*Brief*: All lines in the data below carrying the string "FOOD" are to be located and copied.
Top of Records for this exercise
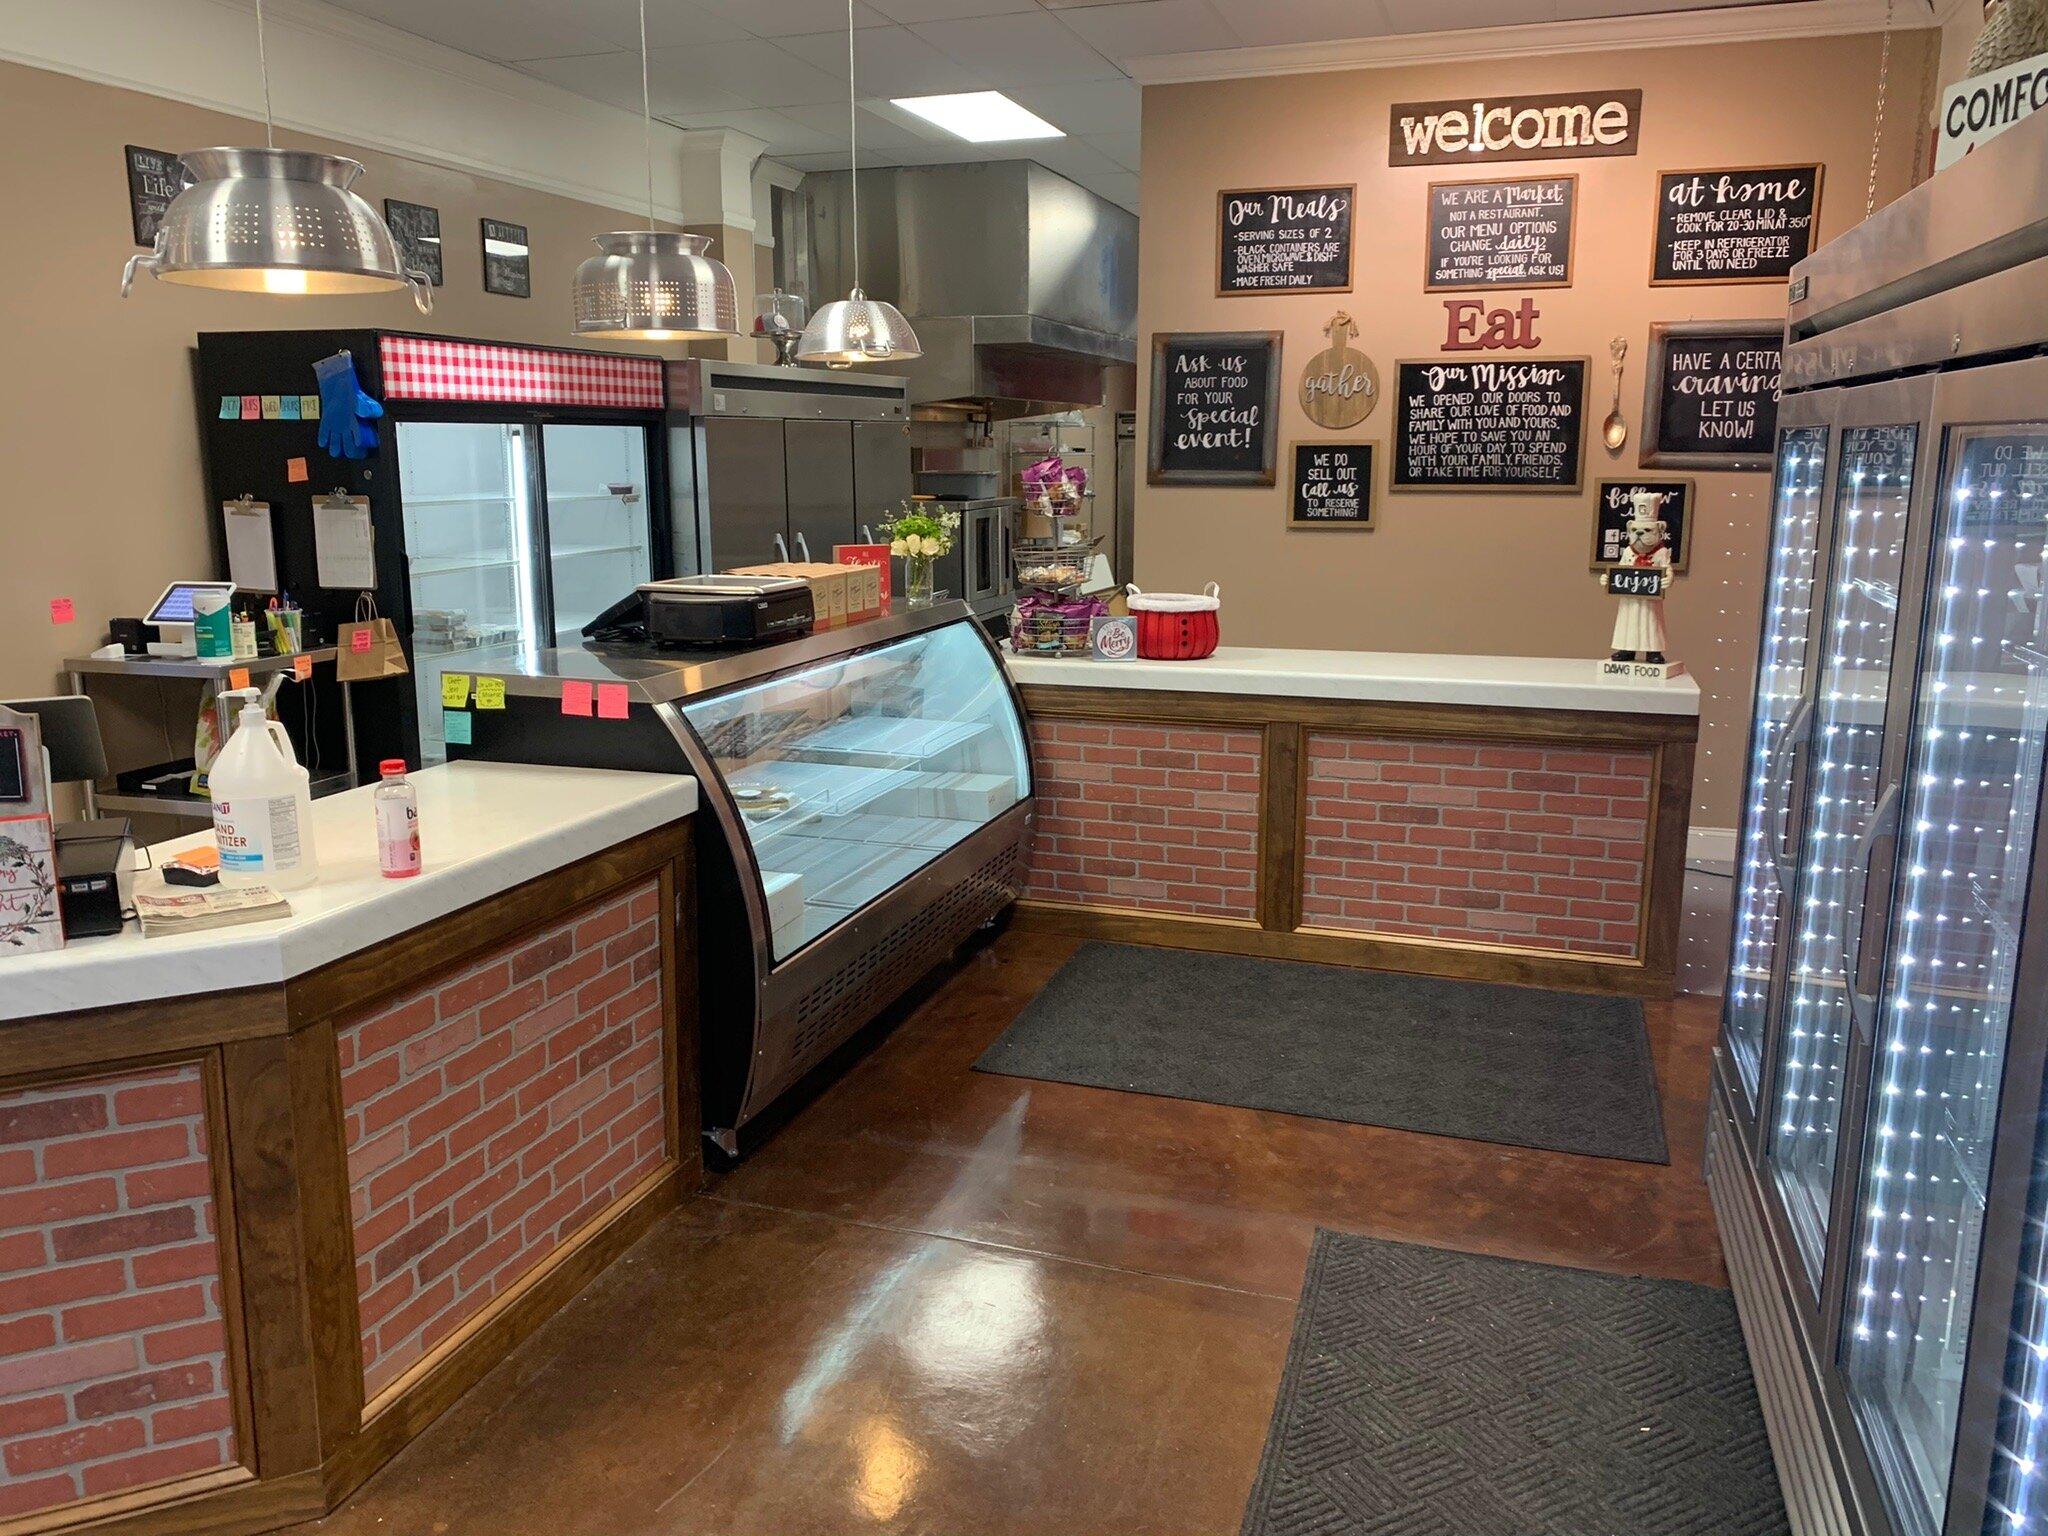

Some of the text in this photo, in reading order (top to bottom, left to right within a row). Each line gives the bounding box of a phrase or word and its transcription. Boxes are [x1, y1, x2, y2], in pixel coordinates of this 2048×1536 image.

[1400, 101, 1629, 156] welcome
[1442, 192, 1458, 205] WE
[1464, 190, 1488, 204] ARE
[1493, 190, 1502, 203] A
[1669, 175, 1806, 206] at home
[1230, 195, 1347, 225] Our Meals
[1450, 208, 1543, 221] NOT A RESTAURANT.
[1720, 209, 1751, 220] CLEAR
[1757, 209, 1774, 219] LID
[1779, 208, 1787, 220] &
[1279, 229, 1304, 239] SIZES
[1310, 229, 1320, 238] OF
[1325, 227, 1332, 238] 2
[1442, 221, 1556, 239] OUR MENU OPTIONS
[1676, 223, 1701, 233] COOK
[1706, 221, 1724, 231] FOR
[1727, 220, 1755, 231] 20-30
[1270, 243, 1320, 253] CONTAINERS
[1323, 243, 1340, 252] ARE
[1450, 239, 1492, 252] CHANGE
[1705, 239, 1714, 249] IN
[1717, 236, 1789, 248] REFRIGERATOR
[1307, 252, 1313, 262] &
[1441, 258, 1450, 267] IF
[1489, 254, 1528, 264] LOOKING
[1532, 253, 1552, 264] FOR
[1674, 246, 1789, 260] FOR 3 DAYS OR FREEZE
[1237, 262, 1294, 273] WASHER SAFE
[1673, 258, 1757, 270] UNTIL YOU NEED
[1436, 268, 1482, 279] SOMETHING
[1528, 266, 1545, 275] ASK
[1549, 265, 1564, 275] US!
[1260, 276, 1287, 286] FRESH
[1289, 275, 1313, 285] DAILY
[1441, 298, 1541, 351] Eat
[1175, 355, 1247, 373] Ask us
[1673, 353, 1712, 371] HAVE
[1720, 353, 1730, 370] A
[1185, 377, 1248, 388] ABOUT FOOD
[1305, 364, 1375, 402] gather
[1421, 364, 1565, 391] Our Mission
[1673, 372, 1782, 402] craving
[1178, 392, 1232, 404] FOR YOUR
[1409, 392, 1561, 407] WE OPENED OUR DOORS TO
[1410, 404, 1571, 420] SHARE OUR LOVE OF FOOD AND
[1701, 401, 1755, 416] LET US
[1180, 406, 1259, 431] special
[1409, 417, 1560, 432] FAMILY WITH YOU AND YOURS.
[1699, 420, 1753, 438] KNOW!
[1174, 428, 1251, 449] event!
[1409, 431, 1550, 444] WE HOPE TO SAVE YOU AN
[1409, 442, 1567, 456] HOUR OF YOUR DAY TO SPEND
[1314, 454, 1347, 466] WE DO
[1408, 456, 1436, 466] WITH
[1441, 455, 1468, 466] YOUR
[1308, 468, 1333, 480] SELL
[1409, 466, 1561, 479] OR TAKE TIME FOR YOURSELF.
[1333, 483, 1358, 497] us
[1307, 499, 1359, 508] TO RESERVE
[1307, 508, 1357, 517] SOMETHING!
[1611, 571, 1660, 593] enjoy
[1112, 628, 1125, 638] Be
[1101, 635, 1130, 652] Merry
[1604, 664, 1660, 677] DAWG FOOD
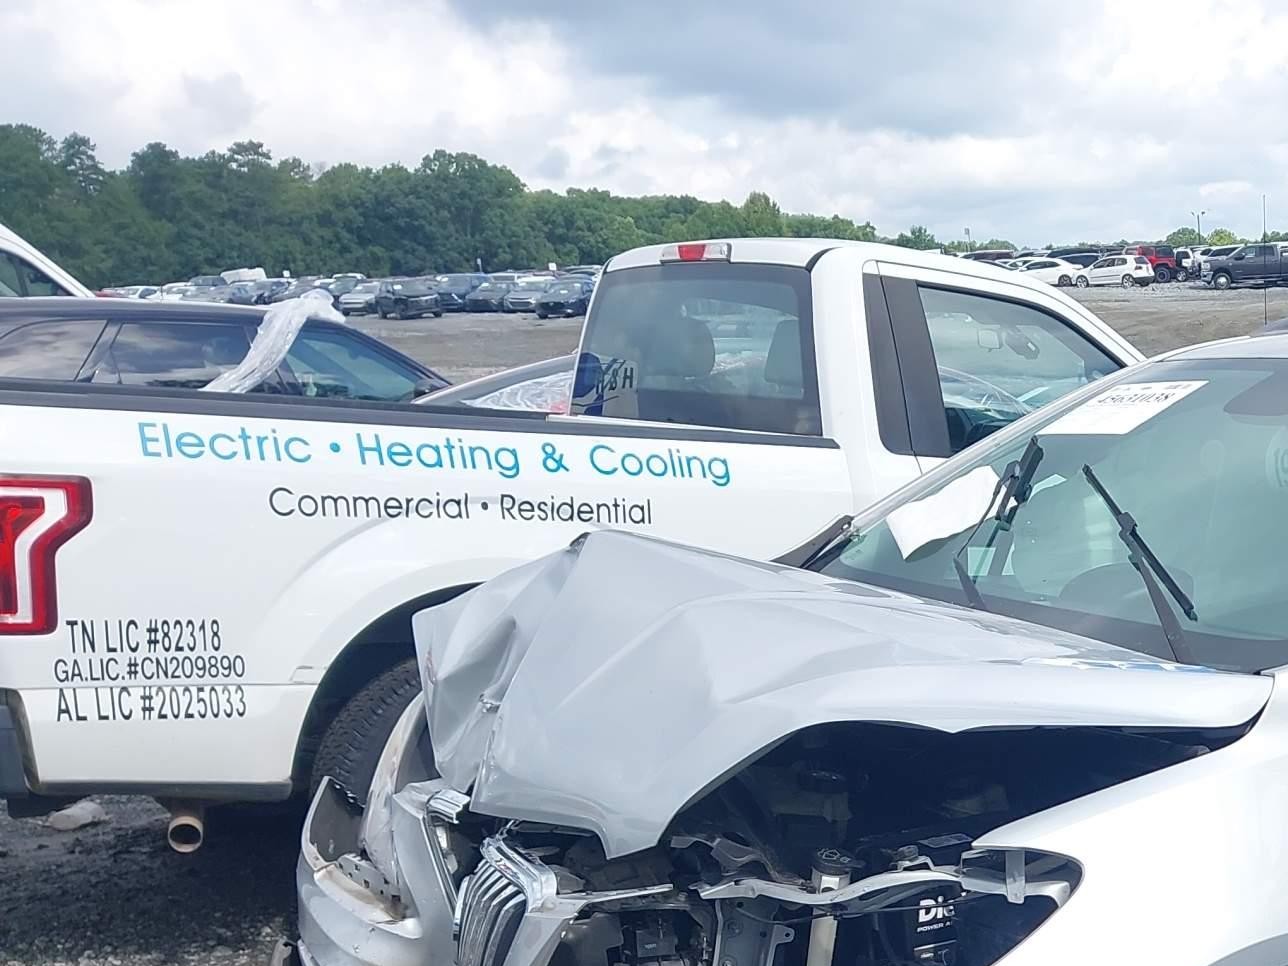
Bottom of Records for this exercise
*Response to the task*:
[1185, 377, 1248, 388] ABOUT FOOD
[1410, 404, 1571, 420] SHARE OUR LOVE OF FOOD AND
[1604, 664, 1660, 677] DAWG FOOD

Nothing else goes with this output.